After a three-month phase-in period, bundle adherence remained constant at 83 percent (full adherence, 39 percent; partial adherence, 44 percent). The complex (deep incisional or organ space) S. aureus SSI rates decreased significantly among patients in the fully adherent group compared with the pre-intervention period, but rates did not decrease significantly in the partially adherent or nonadherent group.
Overall, 101 complex S. aureus SSIs occurred after 28,218 operations during the pre-intervention period and 29 occurred after 14,316 operations during the intervention period (average rate per 10,000 operations, 36 for pre-intervention period vs. 21 for intervention period). The rates of complex S aureus SSIs decreased for hip or knee arthroplasties (difference per 10,000 operations, -17) and for cardiac operations (difference per 10,000 operations, -6).
“Even though the baseline rate of complex S aureus SSI was low (0.36 per 10,000 operations), the full adherence rate was only 39 percent, and hospitals had implemented some bundle elements before the study began, rates of complex S aureus SSIs decreased significantly,” the researchers write. “Given that approximately 400,000 cardiac operations and 1 million total joint arthroplasties are performed in the United States each year, numerous S. aureus SSIs, which can have catastrophic consequences, may be preventable. Moreover, one SSI adds from $13,000 to $100,000 to the cost of healthcare. Thus, implementation of this bundle might reduce patient morbidity and the costs of care substantially.”
This project was funded by the Agency for Healthcare Research and Quality and the U.S. Department of Health and Human Services. It also received support from VA Health Services Research and Development.
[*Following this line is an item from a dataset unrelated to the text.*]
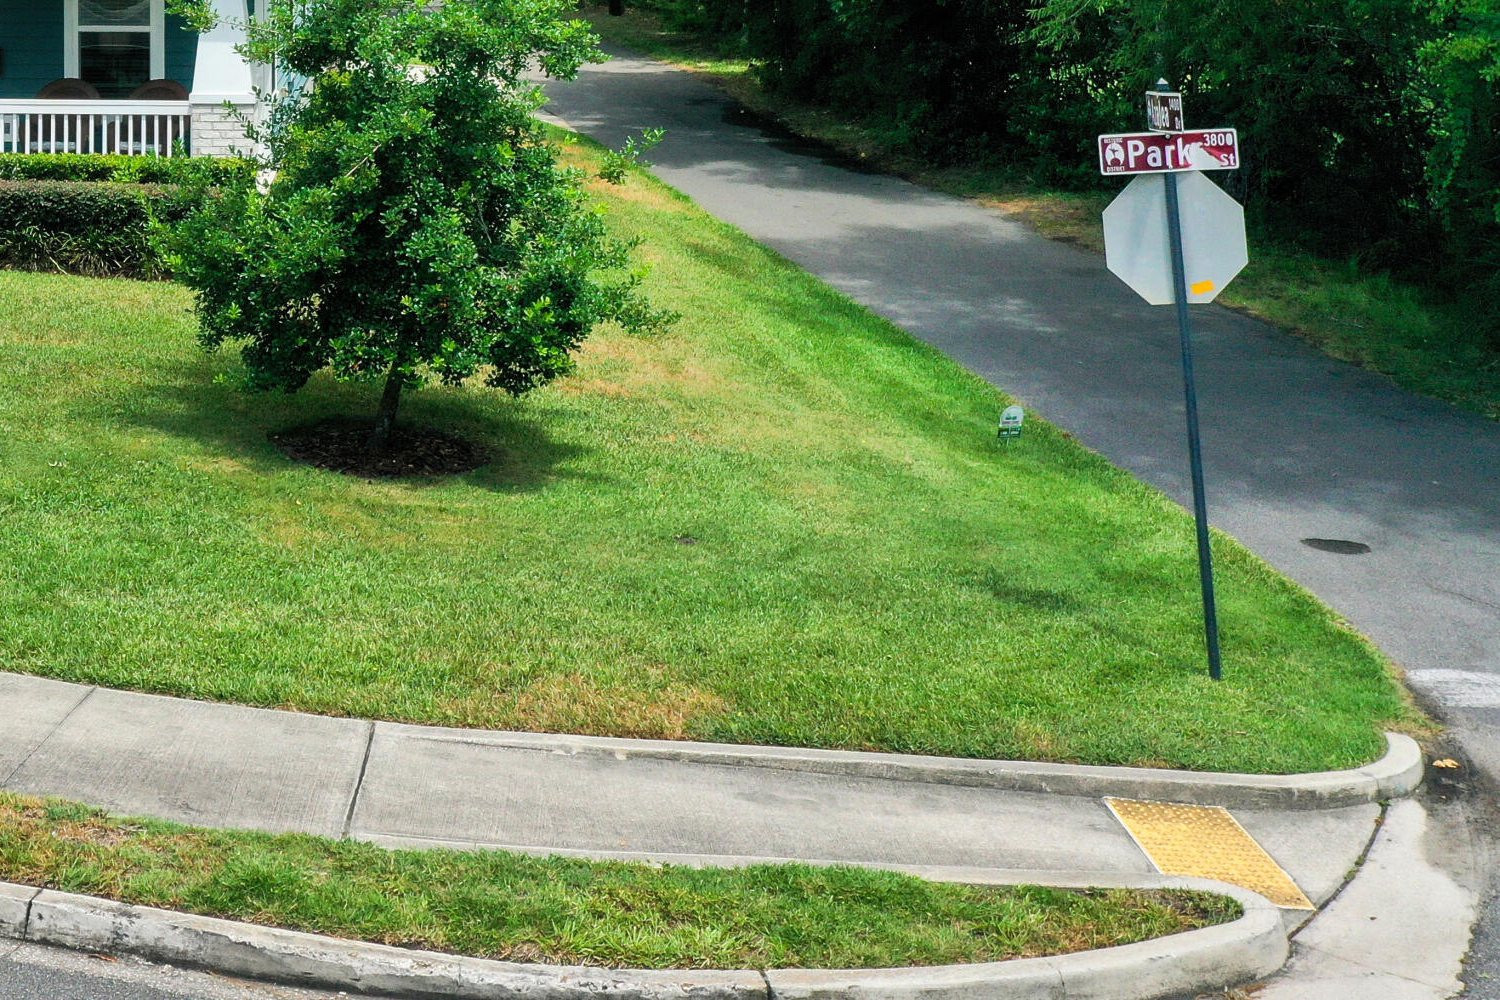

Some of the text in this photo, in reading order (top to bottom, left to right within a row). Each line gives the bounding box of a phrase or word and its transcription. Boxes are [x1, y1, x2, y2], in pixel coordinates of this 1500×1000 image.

[1203, 133, 1233, 147] 3800
[1127, 138, 1236, 168] Park St
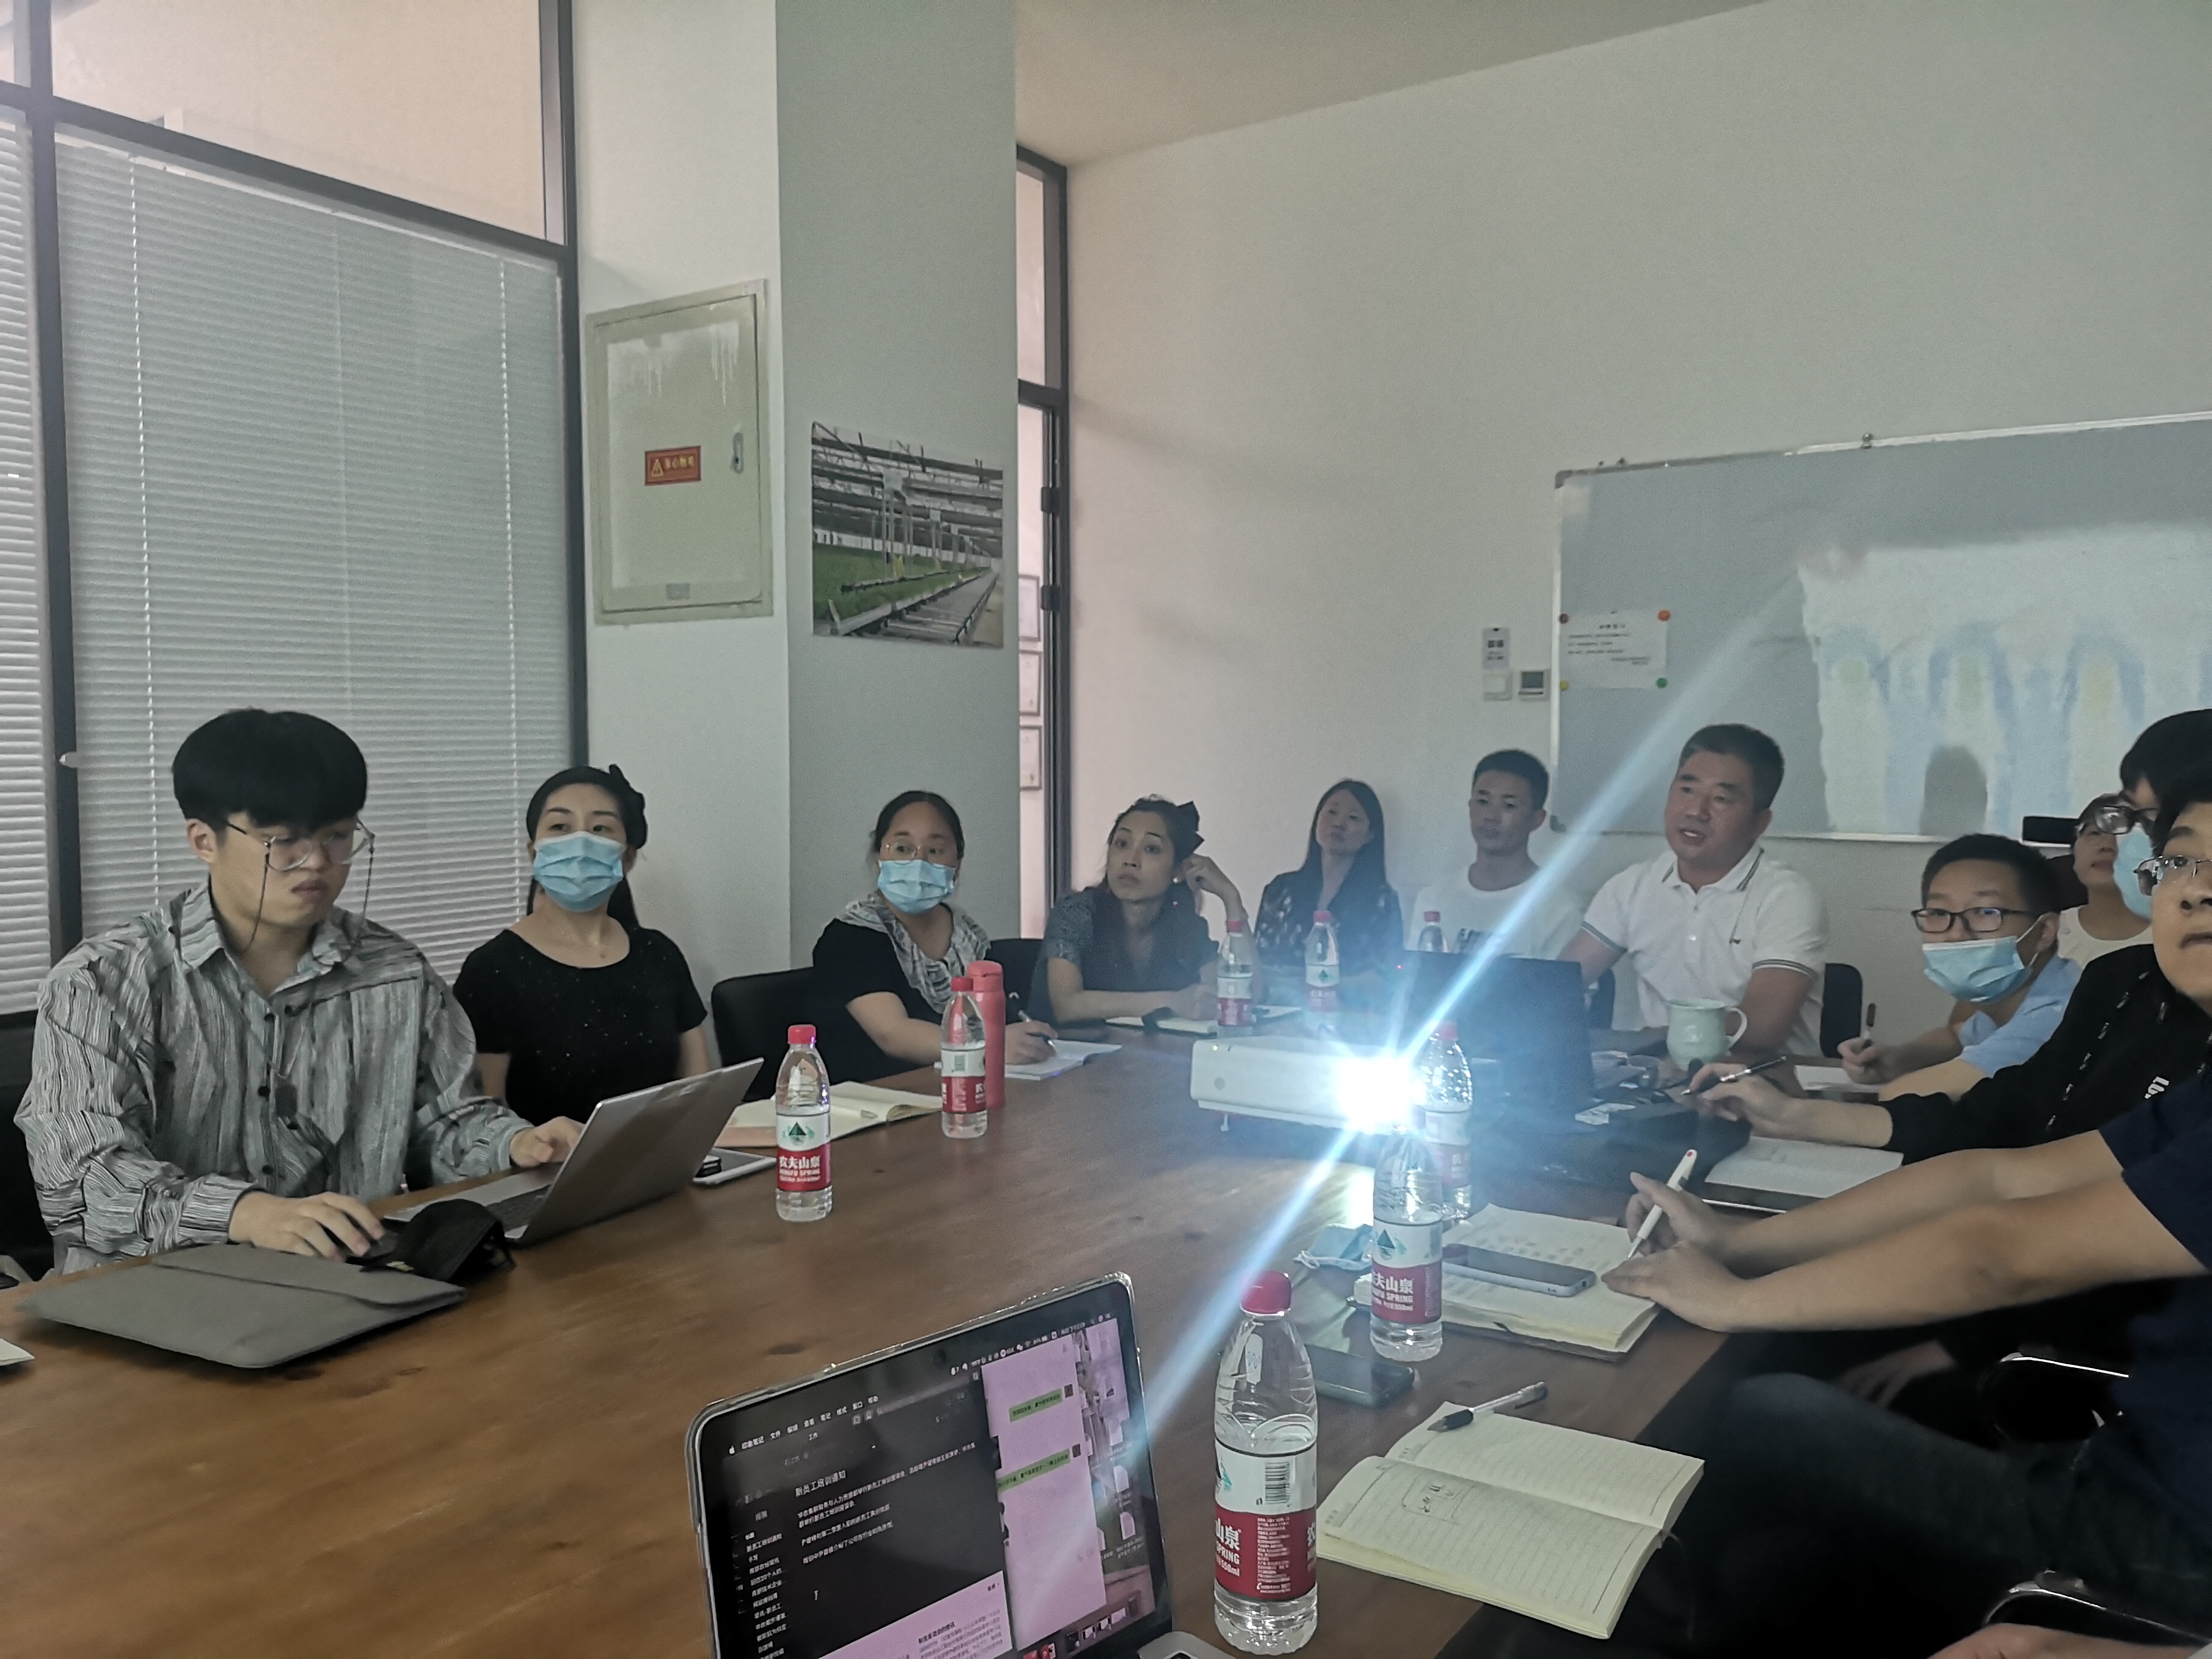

In an accompanying editorial, Preeti N. Malani, MD, MSJ, of the University of Michigan Health System, Ann Arbor, and associate editor of JAMA, writes that although this study is a noteworthy addition to a growing body of high-quality infection prevention trials, many questions remain.
“Although S. aureus remains the principal pathogen in terms of prevalence and associated morbidity, many other organisms also cause SSIs. As such, decolonization of MSSA and MRSA can be only one aspect of SSI prevention. Although the current findings demonstrate a decrease in S aureus SSIs, the authors did not find a decrease in gram-negative SSIs or complex SSIs caused by any pathogen. This finding might reflect the overall low rate of infection, but also is a poignant reminder that additional strategies are still needed.” Public reporting and nonpayment for preventable complications (including some SSIs) have intensified efforts to eliminate infections—‘to get to zero.’ The low-hanging fruit for SSI prevention has been picked and incremental decreases are unlikely to come from simple interventions. Although getting to zero is unlikely to be achievable, efforts that move closer to this elusive goal hold tremendous value for clinicians, hospitals, payers, and, most importantly, patients.”